### PROBLEM REQUIREMENTS
Restate word for word the section of the entries that opens at the line containing "this 960×1280 image." and closes at the line containing "this 1920×1440 image.", both lines kept, pictures dropped.

Data entries:
--*--
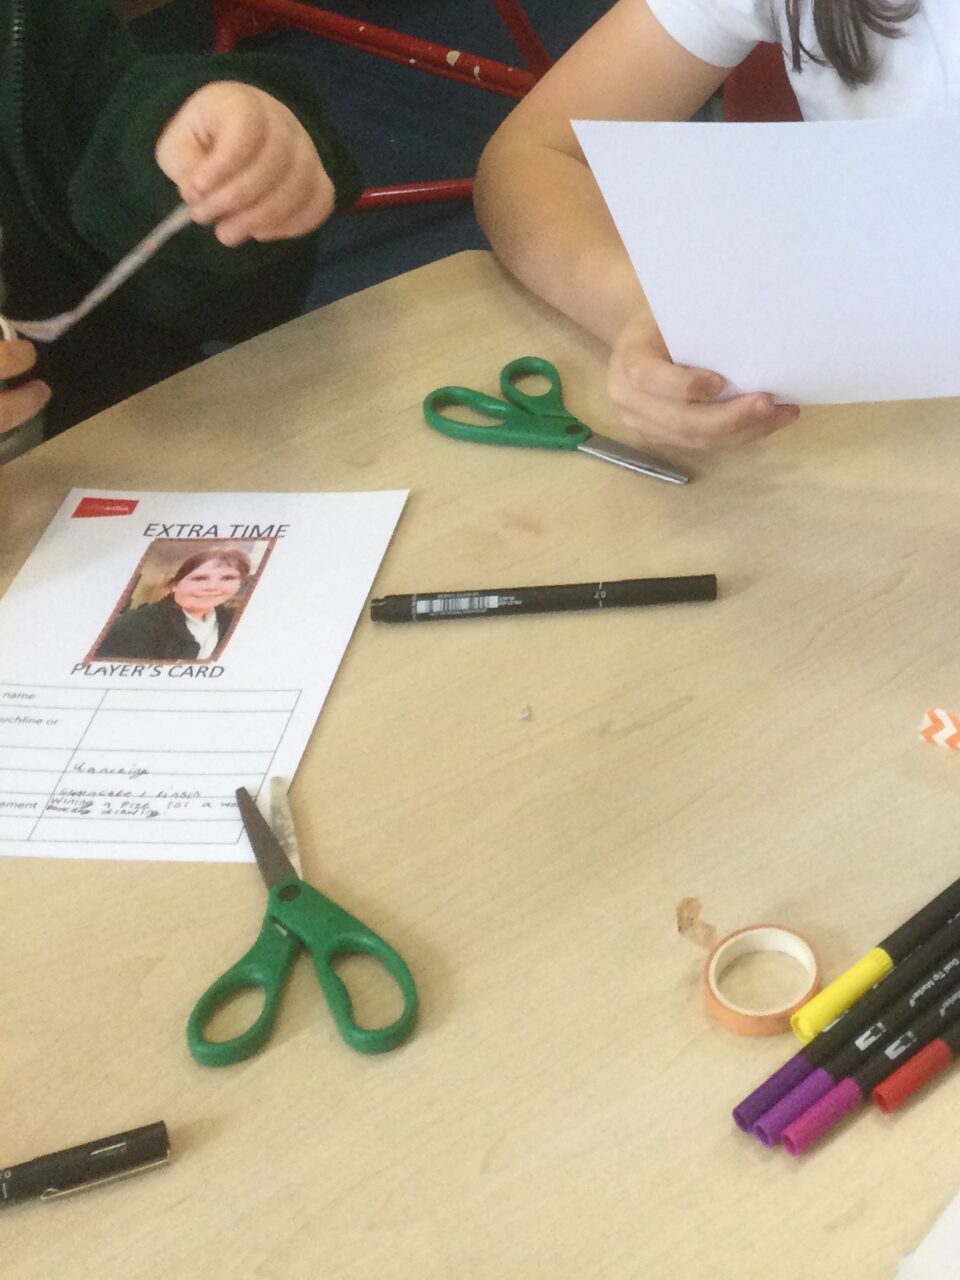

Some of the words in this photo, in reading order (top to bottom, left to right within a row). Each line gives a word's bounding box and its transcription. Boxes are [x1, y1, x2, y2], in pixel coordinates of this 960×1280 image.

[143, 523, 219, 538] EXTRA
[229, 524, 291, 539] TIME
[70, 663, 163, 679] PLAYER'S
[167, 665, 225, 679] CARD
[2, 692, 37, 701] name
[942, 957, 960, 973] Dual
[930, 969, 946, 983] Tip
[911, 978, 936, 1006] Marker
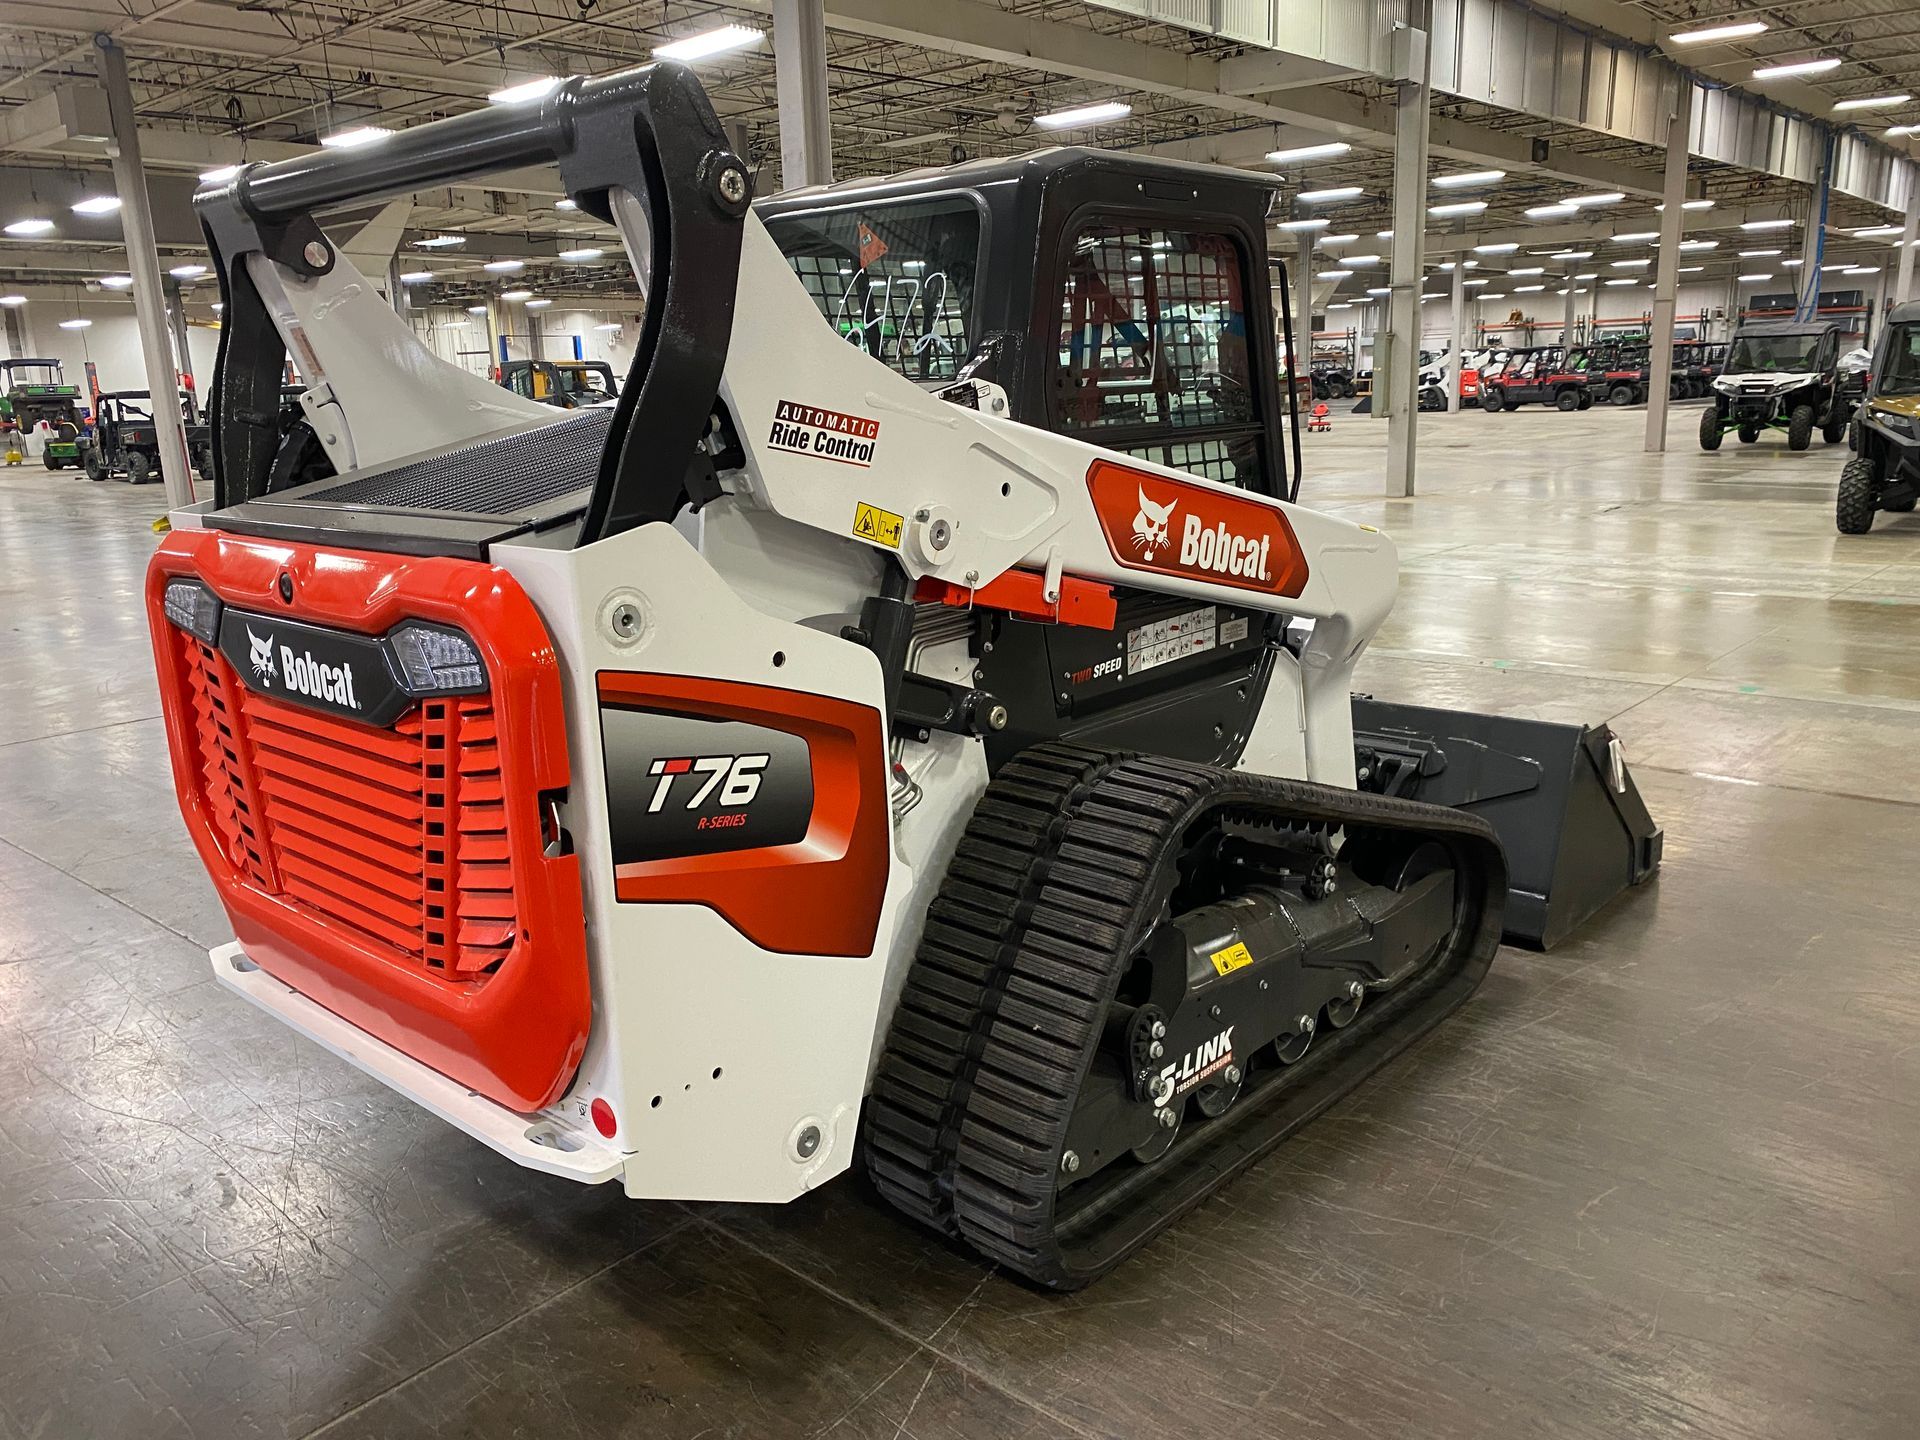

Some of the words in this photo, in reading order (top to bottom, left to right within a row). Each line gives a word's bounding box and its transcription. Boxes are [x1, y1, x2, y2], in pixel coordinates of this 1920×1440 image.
--*--
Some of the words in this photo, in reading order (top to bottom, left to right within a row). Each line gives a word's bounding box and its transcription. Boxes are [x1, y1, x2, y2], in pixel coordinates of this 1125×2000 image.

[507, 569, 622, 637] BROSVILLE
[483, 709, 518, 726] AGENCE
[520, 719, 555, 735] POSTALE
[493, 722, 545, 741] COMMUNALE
--*--
### ANSWER TO THE EXERCISE
Some of the words in this photo, in reading order (top to bottom, left to right within a row). Each line gives a word's bounding box and its transcription. Boxes are [x1, y1, x2, y2], in pixel coordinates of this 960×1280 image.

[143, 523, 219, 538] EXTRA
[229, 524, 291, 539] TIME
[70, 663, 163, 679] PLAYER'S
[167, 665, 225, 679] CARD
[2, 692, 37, 701] name
[942, 957, 960, 973] Dual
[930, 969, 946, 983] Tip
[911, 978, 936, 1006] Marker

Some of the words in this photo, in reading order (top to bottom, left to right within a row). Each line gives a word's bounding box and its transcription. Boxes are [x1, y1, x2, y2], in pixel coordinates of this 1920×1440 image.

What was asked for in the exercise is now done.